Start of Information shown

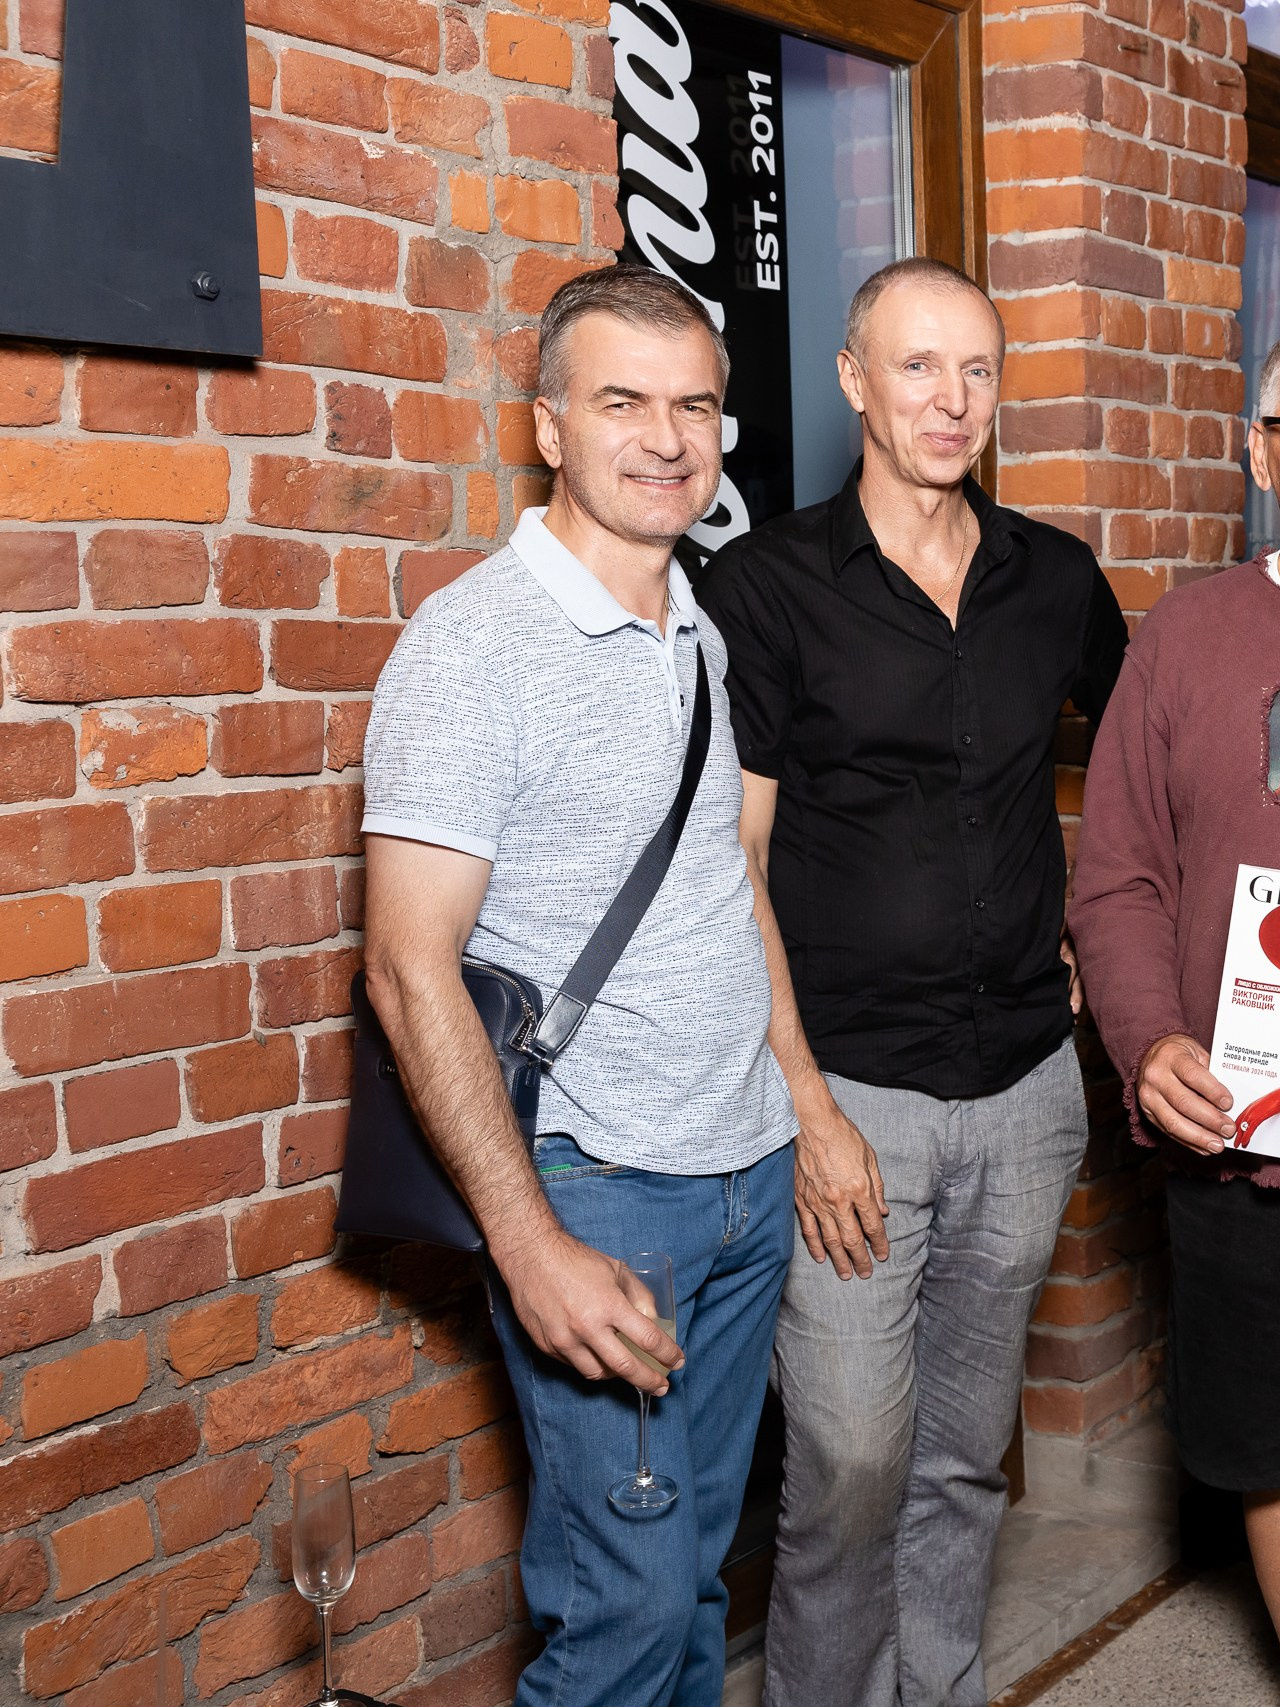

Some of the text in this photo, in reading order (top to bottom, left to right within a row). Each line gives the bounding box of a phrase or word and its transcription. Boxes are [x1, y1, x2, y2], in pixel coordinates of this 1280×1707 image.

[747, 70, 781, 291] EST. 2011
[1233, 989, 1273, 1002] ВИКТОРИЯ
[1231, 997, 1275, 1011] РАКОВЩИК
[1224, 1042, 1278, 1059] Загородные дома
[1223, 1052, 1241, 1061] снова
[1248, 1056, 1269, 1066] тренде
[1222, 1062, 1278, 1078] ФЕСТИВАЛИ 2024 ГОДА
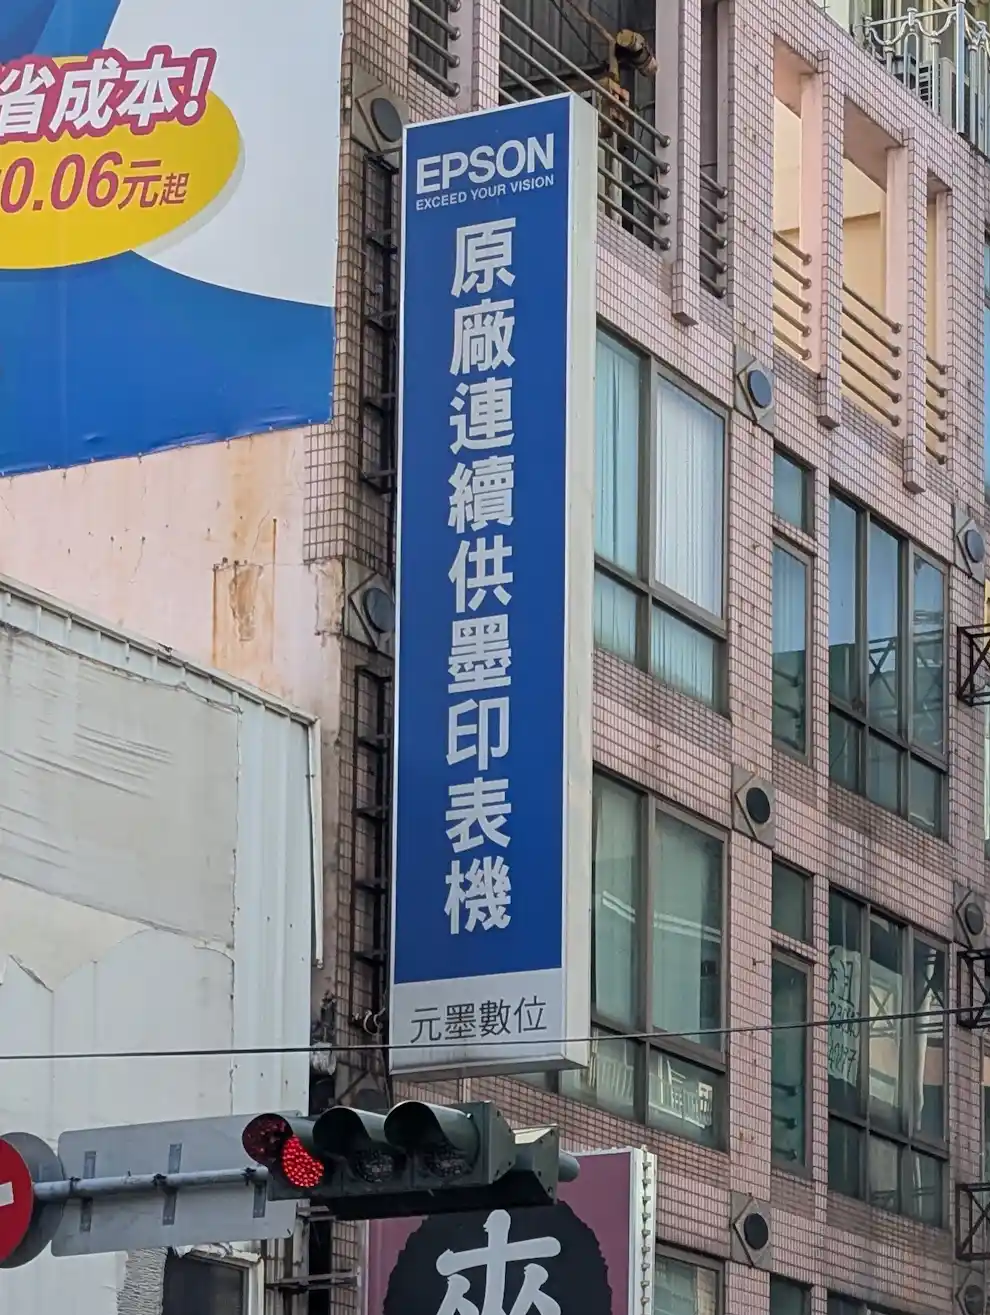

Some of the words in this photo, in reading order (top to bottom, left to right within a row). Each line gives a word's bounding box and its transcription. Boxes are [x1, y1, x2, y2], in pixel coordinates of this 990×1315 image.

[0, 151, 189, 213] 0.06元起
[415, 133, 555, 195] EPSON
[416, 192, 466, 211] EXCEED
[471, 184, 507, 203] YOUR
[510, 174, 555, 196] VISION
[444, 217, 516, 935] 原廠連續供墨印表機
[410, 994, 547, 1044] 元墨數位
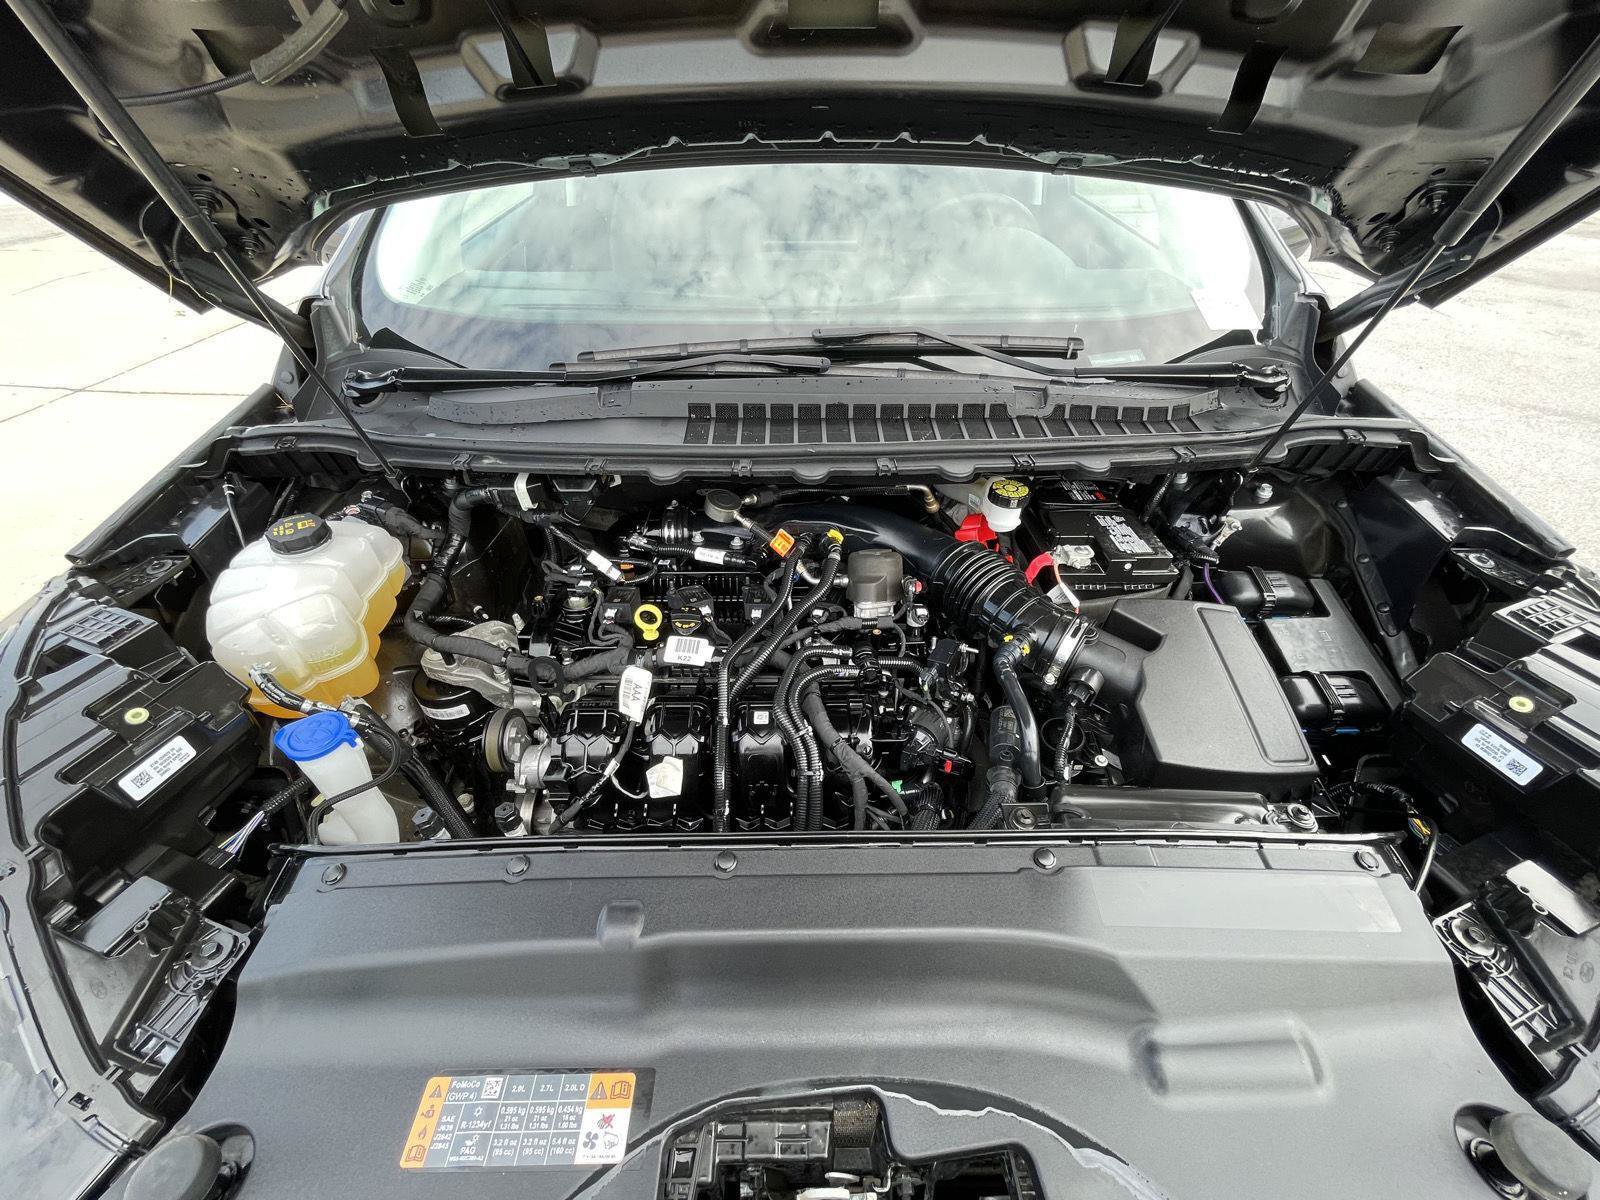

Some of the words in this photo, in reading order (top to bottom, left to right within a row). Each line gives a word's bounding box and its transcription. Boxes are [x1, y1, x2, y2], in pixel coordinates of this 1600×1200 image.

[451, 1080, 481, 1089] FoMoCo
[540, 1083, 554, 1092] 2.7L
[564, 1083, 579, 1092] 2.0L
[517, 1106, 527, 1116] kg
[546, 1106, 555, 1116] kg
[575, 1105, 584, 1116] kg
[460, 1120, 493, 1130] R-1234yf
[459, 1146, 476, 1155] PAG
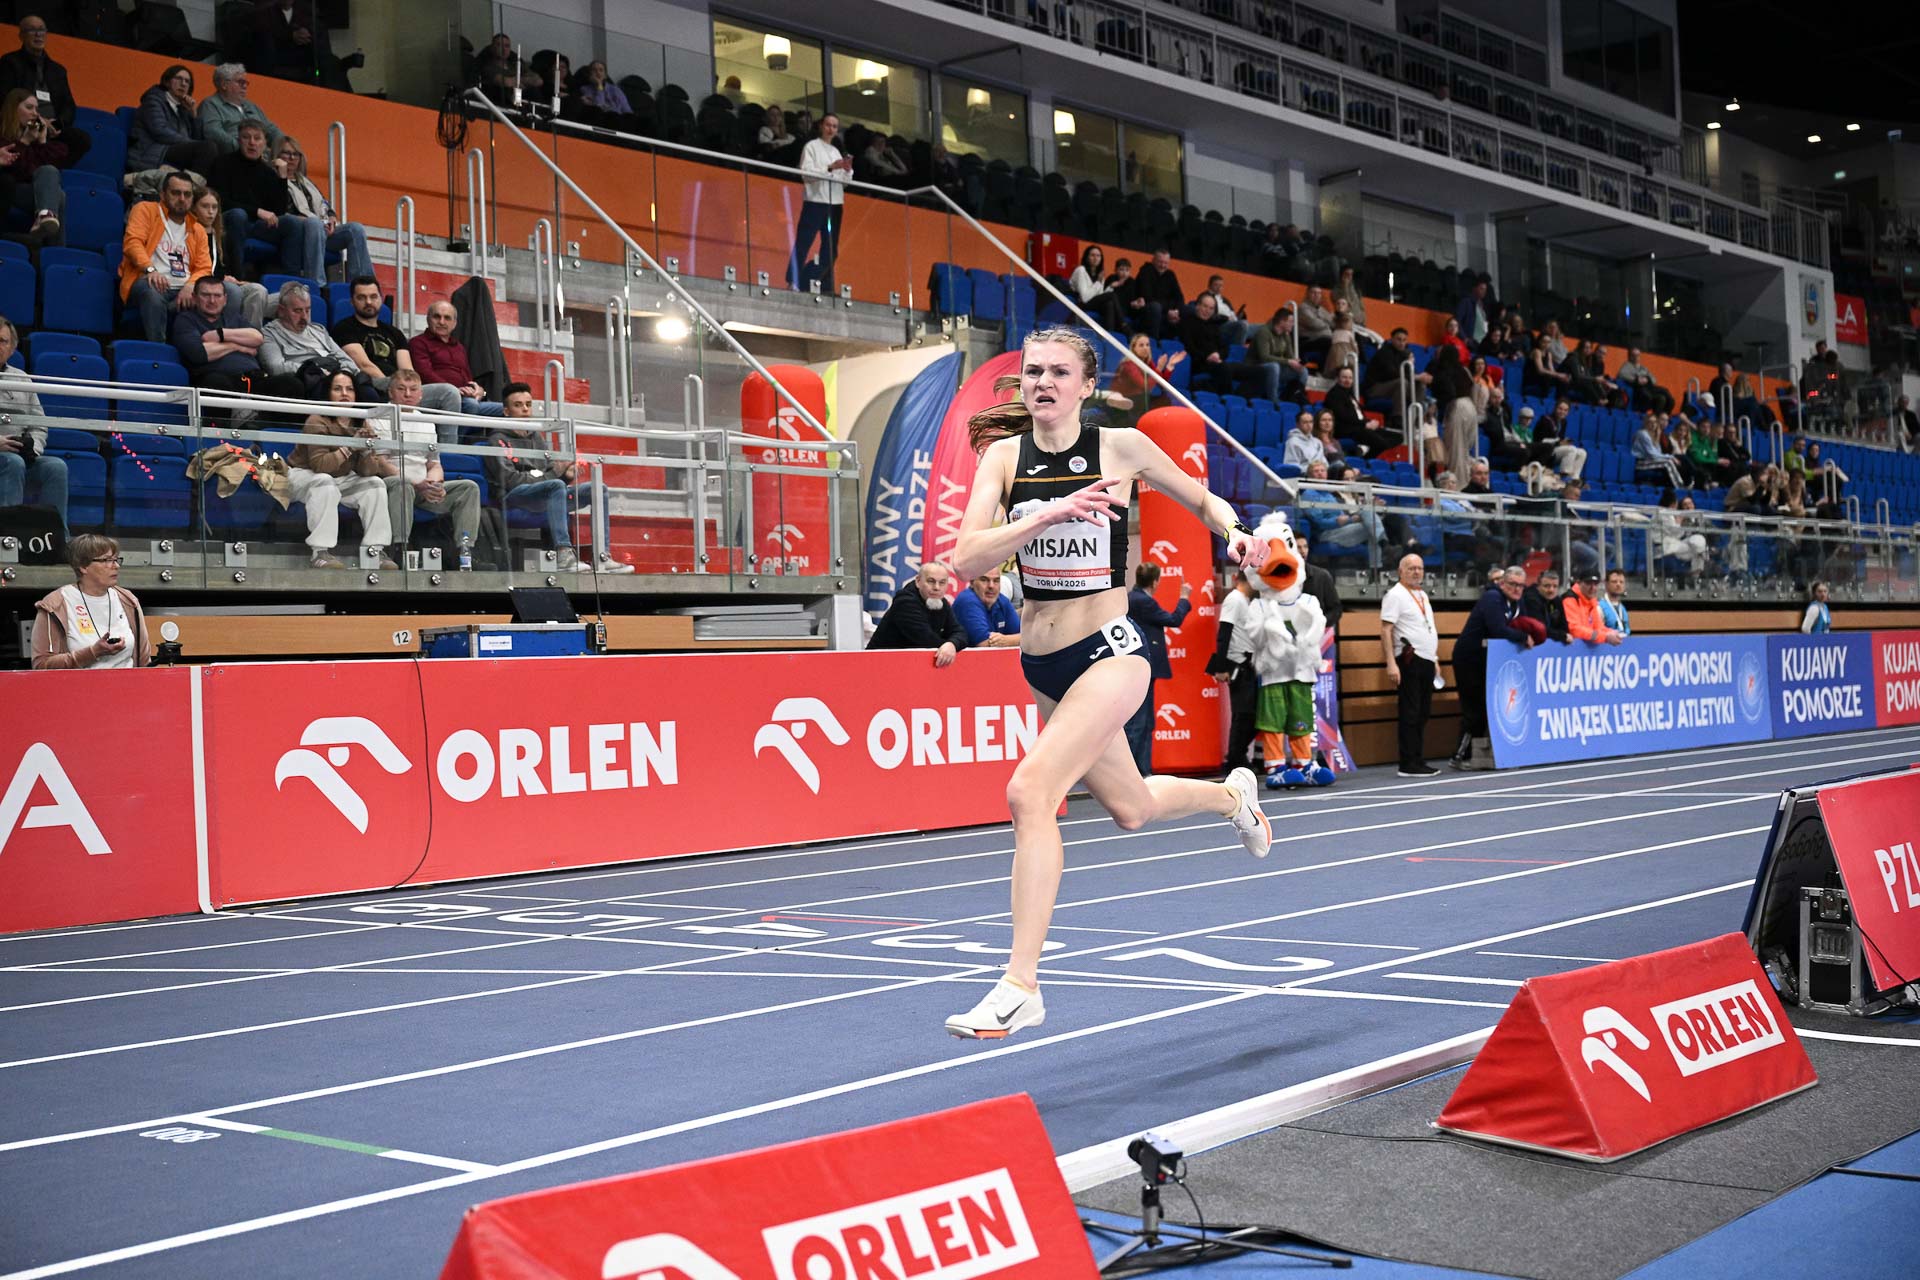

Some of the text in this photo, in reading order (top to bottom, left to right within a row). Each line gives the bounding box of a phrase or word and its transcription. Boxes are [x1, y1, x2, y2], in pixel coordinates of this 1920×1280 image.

End of Information shown

=== Your objective ===
Return the entries verbatim without images.

=== Written solution ===
Some of the text in this photo, in reading order (top to bottom, left to right within a row). Each line gives the bounding box of a phrase or word and its transcription. Boxes are [x1, y1, x2, y2], in pixel coordinates of this 1280×1707 image.

[747, 70, 781, 291] EST. 2011
[1233, 989, 1273, 1002] ВИКТОРИЯ
[1231, 997, 1275, 1011] РАКОВЩИК
[1224, 1042, 1278, 1059] Загородные дома
[1223, 1052, 1241, 1061] снова
[1248, 1056, 1269, 1066] тренде
[1222, 1062, 1278, 1078] ФЕСТИВАЛИ 2024 ГОДА

Some of the words in this photo, in reading order (top to bottom, left to right within a row). Each line gives a word's bounding box and its transcription. Boxes are [x1, y1, x2, y2], in pixel coordinates of this 990×1315 image.

[0, 151, 189, 213] 0.06元起
[415, 133, 555, 195] EPSON
[416, 192, 466, 211] EXCEED
[471, 184, 507, 203] YOUR
[510, 174, 555, 196] VISION
[444, 217, 516, 935] 原廠連續供墨印表機
[410, 994, 547, 1044] 元墨數位

Some of the words in this photo, in reading order (top to bottom, left to right within a row). Each line gives a word's bounding box and its transcription. Boxes are [x1, y1, x2, y2], in pixel coordinates of this 1600×1200 image.

[451, 1080, 481, 1089] FoMoCo
[540, 1083, 554, 1092] 2.7L
[564, 1083, 579, 1092] 2.0L
[517, 1106, 527, 1116] kg
[546, 1106, 555, 1116] kg
[575, 1105, 584, 1116] kg
[460, 1120, 493, 1130] R-1234yf
[459, 1146, 476, 1155] PAG

Some of the text in this photo, in reading order (top to bottom, left to right within a row). Each line gives the bounding box of a phrase or word and its transcription. Boxes are [x1, y1, x2, y2], in pixel coordinates of this 1920×1280 image.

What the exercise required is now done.